The beefed-up weapons package is a sign of how seriously Washington is taking the possibility of a pitched battle in Ukraine’s eastern Donbas region, as Russian troops are resetting for fighting there. Also on the way: More Switchblade drone systems and Javelin anti-tank missiles.

Vlad is mad. Russia is really not happy about the now very public rumblings that Finland and Sweden could join the 30-member NATO alliance as early as this summer after the Russian invasion of Ukraine.

After a joint press conference between the two countries’ leaders to announce their possible NATO ambitions on Wednesday, Dmitry Medvedev, one of Vladimir Putin’s top allies and Russia’s former president, said Russia would have to “balance” the situation in the Baltics if more nations join—likely meaning that Moscow could deploy nuclear weapons to Kaliningrad, the small exclave of Russian territory adjoining the Baltic countries. “There can be no more talk of any nuclear-free status for the Baltic. The balance must be restored,” Medvedev said on Telegram.


Snapshot 

Silhouettes of soldiers hanging in the sky holding on to ropes.
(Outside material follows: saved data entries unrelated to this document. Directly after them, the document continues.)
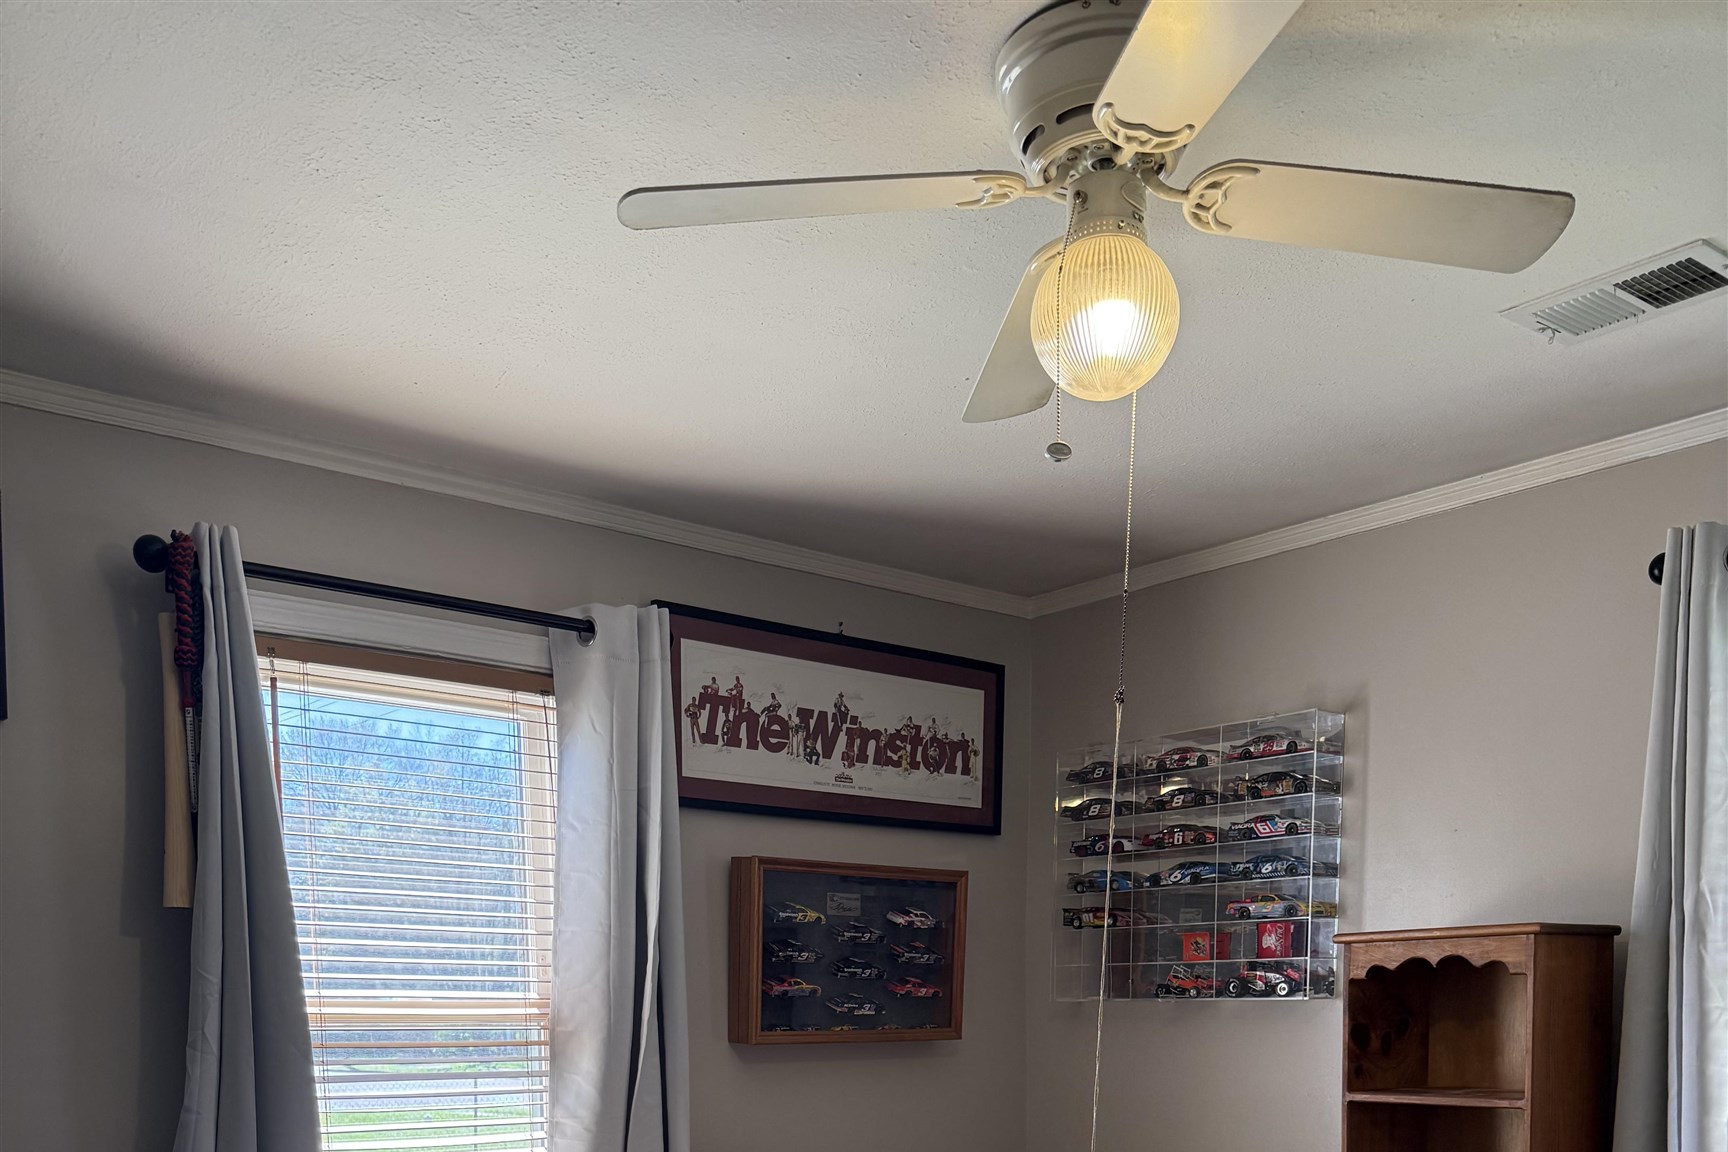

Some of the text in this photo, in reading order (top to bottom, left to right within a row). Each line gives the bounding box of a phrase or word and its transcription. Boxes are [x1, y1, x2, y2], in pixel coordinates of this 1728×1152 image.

[698, 691, 972, 777] The Winston
[1262, 740, 1275, 752] 29
[1093, 767, 1105, 778] 8
[1172, 795, 1185, 807] 8
[1088, 804, 1101, 816] 8
[1174, 832, 1183, 845] 6
[1094, 841, 1105, 852] 6
[1261, 863, 1273, 873] 6
[1170, 869, 1182, 882] 6
[861, 933, 871, 941] 3
[798, 952, 809, 960] 3
[862, 969, 871, 977] 3
Clouds and blue skies are behind them.
Silhouettes of soldiers hanging in the sky holding on to ropes. Clouds and blue skies are behind them.

Troops from the Polish 18th Mechanized Division and the U.S. 82nd Airborne Division take part in tactical and fire training drills in Nowa Deba, Poland, on April 8.Jeff J. Mitchell/Getty Images


Put on Your Radar

April 14: U.S. Secretary of State Antony Blinken is scheduled to meet with his Dutch counterpart, Wopke Hoekstra, during the latter’s visit to Washington.
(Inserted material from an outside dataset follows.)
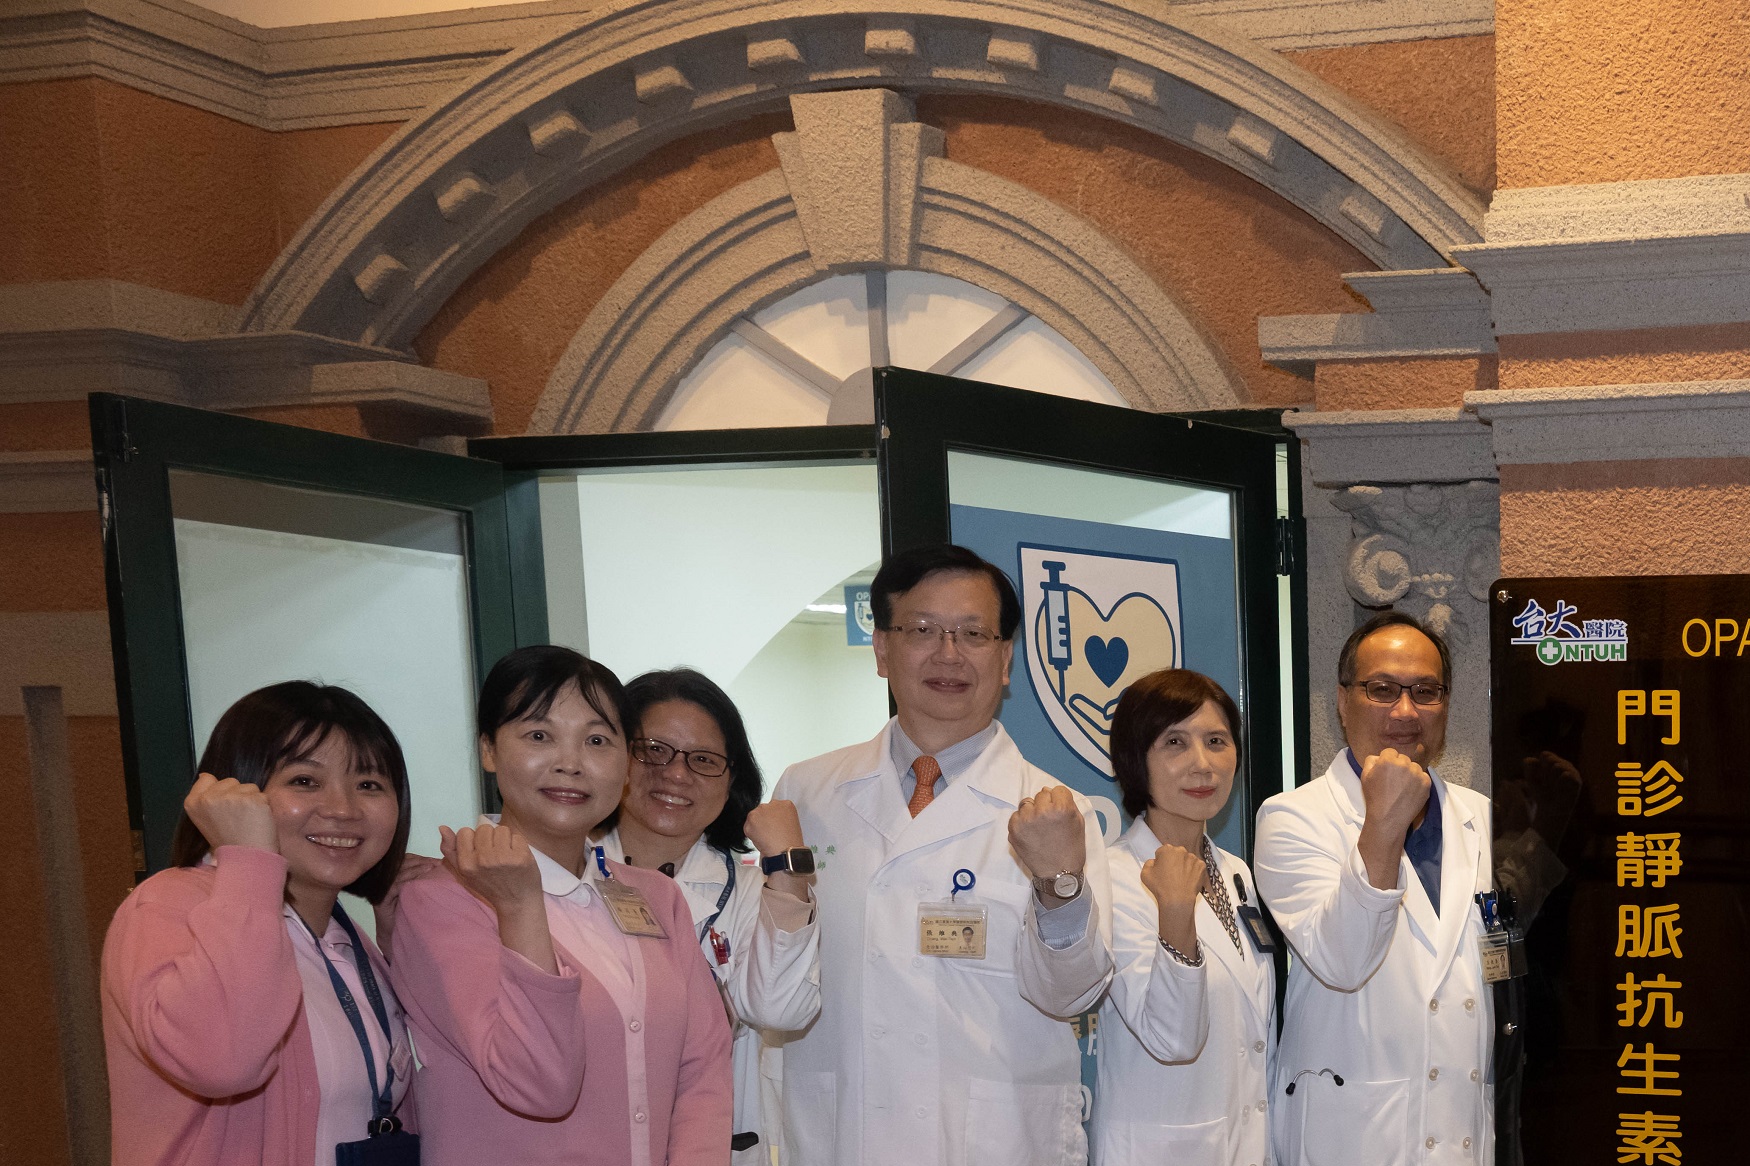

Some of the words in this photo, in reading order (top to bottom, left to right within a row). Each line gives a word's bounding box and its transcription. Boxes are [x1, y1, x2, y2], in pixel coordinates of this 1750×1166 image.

[1513, 599, 1628, 639] 台大醫院
[1564, 643, 1627, 661] NTUH
April 20: G-20 finance ministers are scheduled to meet.


Quote of the Week

“Russia counted on capturing Ukraine within five days. That was the deadline they established for obliterating our country and destroying our democracy. But they had no idea who they were up against.”
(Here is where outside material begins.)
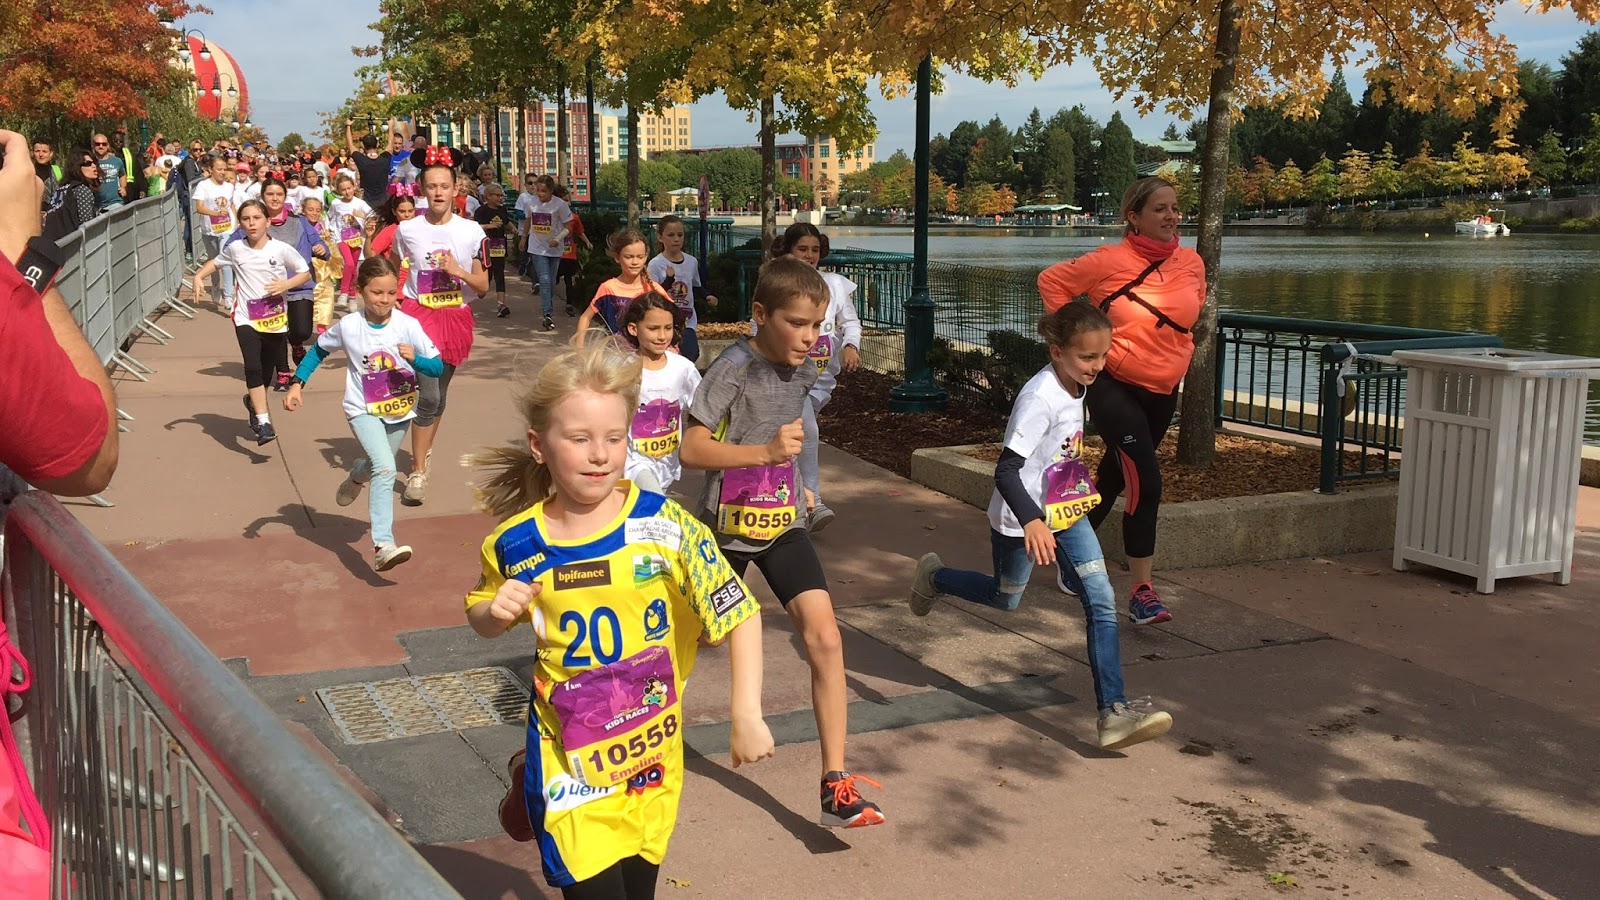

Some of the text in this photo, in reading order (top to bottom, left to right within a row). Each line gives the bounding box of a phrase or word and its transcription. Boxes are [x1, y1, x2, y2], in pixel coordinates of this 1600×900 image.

—Ukrainian President Volodymyr Zelensky in a daily address on April 13. 


Whiskey Tango Foxtrot

Swords go in your checked luggage, not your carry-on. Transportation Security Administration officers at the Boston airport stopped a passenger going through security over his cane … which secretly concealed a sword. Apparently the traveler was just as surprised as the officers; he told them he had “no idea” his cane had a secret compartment with a sword in it.

He’s the bomb. OK, we know this is a lot of dog content for one newsletter, but remember our buddy Patron, the Jack Russell terrier in Chernihiv who’s helping Ukrainian authorities sniff out explosives? He has discovered more than 100 mines, Ukraine’s general staff said in a tweet on Tuesday. And his handlers have put a strap on his back to carry him around.